▸ What you will do
Write out the lines of the records from the one containing "Some of the text" to the very last, keeping each exactly as it is.

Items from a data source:

__________________________________________________

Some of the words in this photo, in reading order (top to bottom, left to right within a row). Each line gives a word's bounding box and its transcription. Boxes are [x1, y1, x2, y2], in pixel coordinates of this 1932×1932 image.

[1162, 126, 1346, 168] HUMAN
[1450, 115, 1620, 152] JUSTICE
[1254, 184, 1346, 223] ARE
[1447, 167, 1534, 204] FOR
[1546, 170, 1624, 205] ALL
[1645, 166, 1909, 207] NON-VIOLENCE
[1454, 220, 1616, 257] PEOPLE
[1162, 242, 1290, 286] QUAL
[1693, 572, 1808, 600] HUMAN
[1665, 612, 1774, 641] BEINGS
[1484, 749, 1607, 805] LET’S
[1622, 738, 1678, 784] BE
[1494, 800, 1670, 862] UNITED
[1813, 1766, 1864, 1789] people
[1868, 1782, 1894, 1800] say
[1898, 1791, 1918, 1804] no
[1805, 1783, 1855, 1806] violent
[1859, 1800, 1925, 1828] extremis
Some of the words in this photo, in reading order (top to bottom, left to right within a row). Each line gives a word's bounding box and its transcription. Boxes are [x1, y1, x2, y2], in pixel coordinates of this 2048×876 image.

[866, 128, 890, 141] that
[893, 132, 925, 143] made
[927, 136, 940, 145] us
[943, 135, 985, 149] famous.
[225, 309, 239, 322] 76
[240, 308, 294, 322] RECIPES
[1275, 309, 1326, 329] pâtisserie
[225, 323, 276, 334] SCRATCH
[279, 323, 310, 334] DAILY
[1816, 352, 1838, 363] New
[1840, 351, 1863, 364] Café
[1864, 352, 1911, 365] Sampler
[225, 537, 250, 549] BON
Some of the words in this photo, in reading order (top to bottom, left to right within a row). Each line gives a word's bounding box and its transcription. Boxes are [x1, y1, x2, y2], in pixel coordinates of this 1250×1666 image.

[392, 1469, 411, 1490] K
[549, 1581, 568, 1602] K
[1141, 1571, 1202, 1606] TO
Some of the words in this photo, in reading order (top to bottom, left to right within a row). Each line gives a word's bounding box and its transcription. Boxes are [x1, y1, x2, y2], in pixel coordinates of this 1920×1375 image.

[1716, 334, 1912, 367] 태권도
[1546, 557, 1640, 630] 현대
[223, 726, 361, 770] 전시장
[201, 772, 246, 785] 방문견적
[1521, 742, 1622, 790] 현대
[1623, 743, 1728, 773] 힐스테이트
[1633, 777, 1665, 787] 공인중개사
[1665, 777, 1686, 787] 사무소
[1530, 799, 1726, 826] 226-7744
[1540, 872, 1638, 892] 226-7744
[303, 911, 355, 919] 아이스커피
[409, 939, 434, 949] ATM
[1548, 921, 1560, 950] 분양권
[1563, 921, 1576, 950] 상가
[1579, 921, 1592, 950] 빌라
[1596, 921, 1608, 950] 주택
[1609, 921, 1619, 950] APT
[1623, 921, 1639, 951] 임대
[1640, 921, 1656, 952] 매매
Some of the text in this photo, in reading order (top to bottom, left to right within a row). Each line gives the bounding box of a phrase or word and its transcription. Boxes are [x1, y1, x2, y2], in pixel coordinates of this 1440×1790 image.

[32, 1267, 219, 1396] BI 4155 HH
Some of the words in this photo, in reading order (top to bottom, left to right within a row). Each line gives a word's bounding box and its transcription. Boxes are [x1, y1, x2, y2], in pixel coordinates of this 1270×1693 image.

__________________________________________________

▸ Your solution
Some of the text in this photo, in reading order (top to bottom, left to right within a row). Each line gives the bounding box of a phrase or word and its transcription. Boxes are [x1, y1, x2, y2], in pixel coordinates of this 1440×1790 image.

[32, 1267, 219, 1396] BI 4155 HH
Some of the words in this photo, in reading order (top to bottom, left to right within a row). Each line gives a word's bounding box and its transcription. Boxes are [x1, y1, x2, y2], in pixel coordinates of this 1270×1693 image.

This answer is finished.